*What the task asks*
Below are the entries; return exactly the line with "this 973×1298 image." and every later line, without anything else.
======== Input for this task
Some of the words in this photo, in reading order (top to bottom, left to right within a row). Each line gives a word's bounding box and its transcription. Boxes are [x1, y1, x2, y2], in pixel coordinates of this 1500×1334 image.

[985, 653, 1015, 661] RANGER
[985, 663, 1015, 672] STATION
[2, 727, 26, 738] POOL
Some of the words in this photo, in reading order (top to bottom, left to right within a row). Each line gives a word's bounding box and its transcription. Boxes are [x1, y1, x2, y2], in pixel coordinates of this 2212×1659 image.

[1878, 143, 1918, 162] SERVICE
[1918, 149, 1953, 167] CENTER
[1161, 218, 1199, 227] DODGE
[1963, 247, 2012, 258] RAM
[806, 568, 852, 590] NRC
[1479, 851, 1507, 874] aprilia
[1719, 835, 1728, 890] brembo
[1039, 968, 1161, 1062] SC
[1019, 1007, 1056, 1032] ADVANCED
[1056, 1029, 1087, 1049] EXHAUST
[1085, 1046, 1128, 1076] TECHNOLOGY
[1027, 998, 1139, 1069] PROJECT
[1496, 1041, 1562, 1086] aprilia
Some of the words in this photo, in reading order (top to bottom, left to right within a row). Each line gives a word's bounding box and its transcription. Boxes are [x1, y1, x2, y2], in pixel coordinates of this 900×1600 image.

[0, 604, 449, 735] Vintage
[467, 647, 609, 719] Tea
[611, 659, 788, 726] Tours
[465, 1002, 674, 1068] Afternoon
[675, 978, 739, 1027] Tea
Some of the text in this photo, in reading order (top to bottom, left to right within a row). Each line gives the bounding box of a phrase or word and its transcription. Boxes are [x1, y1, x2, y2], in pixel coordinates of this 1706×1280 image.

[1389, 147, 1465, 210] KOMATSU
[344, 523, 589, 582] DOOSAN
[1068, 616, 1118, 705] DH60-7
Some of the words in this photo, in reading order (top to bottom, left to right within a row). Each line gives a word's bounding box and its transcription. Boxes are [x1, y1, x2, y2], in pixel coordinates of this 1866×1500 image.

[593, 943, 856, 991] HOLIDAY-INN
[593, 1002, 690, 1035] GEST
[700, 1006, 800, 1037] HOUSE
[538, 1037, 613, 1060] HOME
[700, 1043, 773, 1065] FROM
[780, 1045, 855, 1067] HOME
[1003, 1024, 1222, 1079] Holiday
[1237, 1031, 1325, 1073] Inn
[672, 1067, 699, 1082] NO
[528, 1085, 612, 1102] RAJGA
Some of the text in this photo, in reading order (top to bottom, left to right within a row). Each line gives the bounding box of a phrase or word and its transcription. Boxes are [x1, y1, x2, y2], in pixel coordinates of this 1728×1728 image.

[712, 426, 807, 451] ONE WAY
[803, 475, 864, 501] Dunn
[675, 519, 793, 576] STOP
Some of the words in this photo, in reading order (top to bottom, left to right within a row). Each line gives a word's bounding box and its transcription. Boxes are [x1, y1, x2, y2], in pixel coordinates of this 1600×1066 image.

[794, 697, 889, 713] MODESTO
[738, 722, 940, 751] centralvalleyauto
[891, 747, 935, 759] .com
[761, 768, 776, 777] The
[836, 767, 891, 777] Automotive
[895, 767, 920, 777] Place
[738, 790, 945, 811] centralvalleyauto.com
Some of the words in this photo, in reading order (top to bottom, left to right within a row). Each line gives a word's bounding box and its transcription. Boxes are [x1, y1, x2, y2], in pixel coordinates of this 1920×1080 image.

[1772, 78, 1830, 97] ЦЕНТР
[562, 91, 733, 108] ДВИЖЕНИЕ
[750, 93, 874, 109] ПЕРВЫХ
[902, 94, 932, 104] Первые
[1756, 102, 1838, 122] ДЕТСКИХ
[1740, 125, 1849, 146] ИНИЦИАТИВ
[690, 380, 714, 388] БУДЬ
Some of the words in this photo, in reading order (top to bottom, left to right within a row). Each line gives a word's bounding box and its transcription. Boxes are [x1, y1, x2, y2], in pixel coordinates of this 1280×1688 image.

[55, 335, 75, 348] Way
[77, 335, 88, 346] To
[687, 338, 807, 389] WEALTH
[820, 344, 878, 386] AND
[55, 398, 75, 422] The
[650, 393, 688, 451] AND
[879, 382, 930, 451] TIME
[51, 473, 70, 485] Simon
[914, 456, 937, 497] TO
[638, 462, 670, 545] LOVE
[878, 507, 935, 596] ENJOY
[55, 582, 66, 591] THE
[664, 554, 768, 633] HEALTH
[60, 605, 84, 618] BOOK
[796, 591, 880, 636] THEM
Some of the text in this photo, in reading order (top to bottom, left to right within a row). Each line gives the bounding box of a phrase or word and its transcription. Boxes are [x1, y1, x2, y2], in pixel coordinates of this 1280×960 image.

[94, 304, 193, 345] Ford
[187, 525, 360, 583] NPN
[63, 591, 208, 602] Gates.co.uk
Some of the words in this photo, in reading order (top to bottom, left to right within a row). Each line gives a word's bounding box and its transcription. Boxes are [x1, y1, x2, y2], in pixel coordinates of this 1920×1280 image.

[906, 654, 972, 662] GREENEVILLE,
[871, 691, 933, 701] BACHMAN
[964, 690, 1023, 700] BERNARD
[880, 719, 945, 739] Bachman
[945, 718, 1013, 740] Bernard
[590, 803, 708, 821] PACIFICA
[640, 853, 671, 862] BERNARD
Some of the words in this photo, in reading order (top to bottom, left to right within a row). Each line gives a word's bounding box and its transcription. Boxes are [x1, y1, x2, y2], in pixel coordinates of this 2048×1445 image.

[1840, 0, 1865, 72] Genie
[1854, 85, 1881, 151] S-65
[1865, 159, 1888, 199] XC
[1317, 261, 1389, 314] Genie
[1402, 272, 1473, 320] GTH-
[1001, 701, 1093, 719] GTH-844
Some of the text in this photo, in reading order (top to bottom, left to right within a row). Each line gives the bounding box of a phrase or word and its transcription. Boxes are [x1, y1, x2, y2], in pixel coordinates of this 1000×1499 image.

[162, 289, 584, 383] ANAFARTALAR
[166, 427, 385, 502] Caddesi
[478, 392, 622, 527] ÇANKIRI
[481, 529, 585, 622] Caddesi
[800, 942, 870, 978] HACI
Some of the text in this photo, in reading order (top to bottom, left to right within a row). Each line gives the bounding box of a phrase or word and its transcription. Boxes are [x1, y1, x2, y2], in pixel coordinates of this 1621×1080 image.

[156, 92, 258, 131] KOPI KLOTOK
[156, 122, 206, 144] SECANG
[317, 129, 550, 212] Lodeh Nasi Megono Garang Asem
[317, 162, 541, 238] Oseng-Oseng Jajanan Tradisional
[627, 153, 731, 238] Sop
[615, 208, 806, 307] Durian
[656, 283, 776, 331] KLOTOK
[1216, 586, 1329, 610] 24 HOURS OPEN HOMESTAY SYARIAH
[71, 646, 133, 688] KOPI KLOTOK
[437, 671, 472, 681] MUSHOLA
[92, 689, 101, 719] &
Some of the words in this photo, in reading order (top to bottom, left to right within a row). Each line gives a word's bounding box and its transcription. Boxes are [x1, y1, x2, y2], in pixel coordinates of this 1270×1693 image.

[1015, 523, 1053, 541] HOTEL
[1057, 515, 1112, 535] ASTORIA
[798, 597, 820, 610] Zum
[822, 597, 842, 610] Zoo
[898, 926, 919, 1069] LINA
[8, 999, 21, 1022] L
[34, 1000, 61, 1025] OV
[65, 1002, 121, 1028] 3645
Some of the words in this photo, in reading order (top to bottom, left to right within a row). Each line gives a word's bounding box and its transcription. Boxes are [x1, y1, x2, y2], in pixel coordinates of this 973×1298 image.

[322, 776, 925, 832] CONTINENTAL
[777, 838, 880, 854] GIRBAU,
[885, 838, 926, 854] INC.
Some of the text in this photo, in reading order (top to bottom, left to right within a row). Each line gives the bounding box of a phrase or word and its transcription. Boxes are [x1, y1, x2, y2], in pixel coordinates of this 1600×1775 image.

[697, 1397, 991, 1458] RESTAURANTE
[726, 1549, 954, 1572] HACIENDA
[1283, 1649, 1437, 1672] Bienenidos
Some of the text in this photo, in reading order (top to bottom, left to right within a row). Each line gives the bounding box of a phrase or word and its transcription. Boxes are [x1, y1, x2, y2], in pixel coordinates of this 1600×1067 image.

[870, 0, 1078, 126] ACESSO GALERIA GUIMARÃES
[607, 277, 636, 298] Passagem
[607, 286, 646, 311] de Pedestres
================
*Response below*
Some of the words in this photo, in reading order (top to bottom, left to right within a row). Each line gives a word's bounding box and its transcription. Boxes are [x1, y1, x2, y2], in pixel coordinates of this 973×1298 image.

[322, 776, 925, 832] CONTINENTAL
[777, 838, 880, 854] GIRBAU,
[885, 838, 926, 854] INC.
Some of the text in this photo, in reading order (top to bottom, left to right within a row). Each line gives the bounding box of a phrase or word and its transcription. Boxes are [x1, y1, x2, y2], in pixel coordinates of this 1600×1775 image.

[697, 1397, 991, 1458] RESTAURANTE
[726, 1549, 954, 1572] HACIENDA
[1283, 1649, 1437, 1672] Bienenidos
Some of the text in this photo, in reading order (top to bottom, left to right within a row). Each line gives the bounding box of a phrase or word and its transcription. Boxes are [x1, y1, x2, y2], in pixel coordinates of this 1600×1067 image.

[870, 0, 1078, 126] ACESSO GALERIA GUIMARÃES
[607, 277, 636, 298] Passagem
[607, 286, 646, 311] de Pedestres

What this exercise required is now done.